Hi,
Question 1
I have a dataset, ac.test, where I am trying to find the number of missing and non-missing values for the "Value" field based on each result from the "Time_on_the_record" field. Please can someone help me with the code required so that the results can replicate the screenshot below?
Question 2
Along with a proc freq, would it also be possible to create a proc sql table by grouping "Value" and "Time_on_the_record", then counting the volume of accounts for each group so that the table can be exported into Excel?
Note: ""Time_on_the_record" and "Value" are both numeric variables. The screenshot below is only an example of the ac.test dataset, which has over 100,000 observations.
proc freq data = ac.test;
tables ........................... ;
run;
Okay, I see the mistake. I was misled by your decision to use PROC FREQ. This is not a job for PROC FREQ, this is a job for PROC SUMMARY. Why? Because PROC FREQ would consider each value of variable VALUE to need its own column in the output table, while PROC SUMMARY will just count missings and count non-missings, resulting in just two columns.

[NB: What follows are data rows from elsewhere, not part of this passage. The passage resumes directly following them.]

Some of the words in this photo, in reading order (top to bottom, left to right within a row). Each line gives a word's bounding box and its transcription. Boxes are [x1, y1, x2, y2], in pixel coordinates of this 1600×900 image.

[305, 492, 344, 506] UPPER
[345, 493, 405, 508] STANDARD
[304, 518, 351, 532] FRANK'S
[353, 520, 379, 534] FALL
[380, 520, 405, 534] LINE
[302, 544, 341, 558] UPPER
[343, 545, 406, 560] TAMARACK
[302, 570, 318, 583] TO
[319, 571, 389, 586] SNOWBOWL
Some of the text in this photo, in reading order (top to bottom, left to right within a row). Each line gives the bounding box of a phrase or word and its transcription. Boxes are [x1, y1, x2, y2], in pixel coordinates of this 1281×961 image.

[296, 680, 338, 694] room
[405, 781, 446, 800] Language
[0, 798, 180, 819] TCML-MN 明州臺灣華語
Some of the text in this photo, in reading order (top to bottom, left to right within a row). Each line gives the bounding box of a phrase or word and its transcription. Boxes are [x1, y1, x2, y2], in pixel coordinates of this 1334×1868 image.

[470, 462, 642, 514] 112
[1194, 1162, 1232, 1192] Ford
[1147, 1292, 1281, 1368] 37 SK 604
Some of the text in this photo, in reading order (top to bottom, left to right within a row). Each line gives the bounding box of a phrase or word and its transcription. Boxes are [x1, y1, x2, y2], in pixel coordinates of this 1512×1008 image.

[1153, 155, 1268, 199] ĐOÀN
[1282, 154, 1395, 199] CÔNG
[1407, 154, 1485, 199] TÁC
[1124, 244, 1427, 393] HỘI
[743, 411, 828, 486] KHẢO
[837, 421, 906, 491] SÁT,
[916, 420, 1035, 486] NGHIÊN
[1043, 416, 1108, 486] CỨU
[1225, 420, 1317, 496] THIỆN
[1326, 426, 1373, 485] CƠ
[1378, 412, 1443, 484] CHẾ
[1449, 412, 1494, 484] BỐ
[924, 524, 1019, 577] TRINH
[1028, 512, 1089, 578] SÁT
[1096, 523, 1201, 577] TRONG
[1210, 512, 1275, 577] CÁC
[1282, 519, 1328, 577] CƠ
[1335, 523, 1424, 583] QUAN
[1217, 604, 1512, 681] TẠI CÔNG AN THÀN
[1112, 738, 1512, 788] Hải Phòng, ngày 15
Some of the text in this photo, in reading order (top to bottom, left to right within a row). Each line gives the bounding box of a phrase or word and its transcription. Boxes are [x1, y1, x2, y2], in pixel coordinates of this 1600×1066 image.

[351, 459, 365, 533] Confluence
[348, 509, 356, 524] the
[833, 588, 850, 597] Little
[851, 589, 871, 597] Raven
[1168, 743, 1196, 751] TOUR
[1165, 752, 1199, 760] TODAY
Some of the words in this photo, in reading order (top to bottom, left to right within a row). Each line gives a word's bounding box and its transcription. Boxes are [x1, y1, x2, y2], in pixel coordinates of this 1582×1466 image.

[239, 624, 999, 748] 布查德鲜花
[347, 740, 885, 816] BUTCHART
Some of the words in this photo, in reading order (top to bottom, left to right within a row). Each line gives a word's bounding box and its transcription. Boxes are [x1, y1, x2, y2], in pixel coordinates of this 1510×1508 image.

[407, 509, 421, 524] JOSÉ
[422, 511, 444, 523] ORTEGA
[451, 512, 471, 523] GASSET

proc summary data=ac.test nway;
class time_on_the_record;
var value;
output out=want n=n_nonmissing nmiss=n_missing;
run;
PROC FREQ has a MISSING option.
proc freq data=ac.test;
tables time_on_record*value/missing;
run;
Question 2: yes, I think this is possible, what is the problem?
Also, the PROC FREQ output can be sent to a SAS dataset, and that could then be exported to Excel.
Well, I think the problem is that time_on_record is continuous, and so there will be LOTS of levels when you run PROC FREQ. I would advise some sort of "binning" of the time_on_record to reduce the number of different levels that PROC FREQ will find. Binning could be simple, such as round to the nearest integer, or round to the nearest 5, or it could be more advanced. I don't have your data, and even if I had the data I don't have the understanding of the actual problem that you have, so I can't be more specific.
Okay, I see the mistake. I was misled by your decision to use PROC FREQ. This is not a job for PROC FREQ, this is a job for PROC SUMMARY. Why? Because PROC FREQ would consider each value of variable VALUE to need its own column in the output table, while PROC SUMMARY will just count missings and count non-missings, resulting in just two columns.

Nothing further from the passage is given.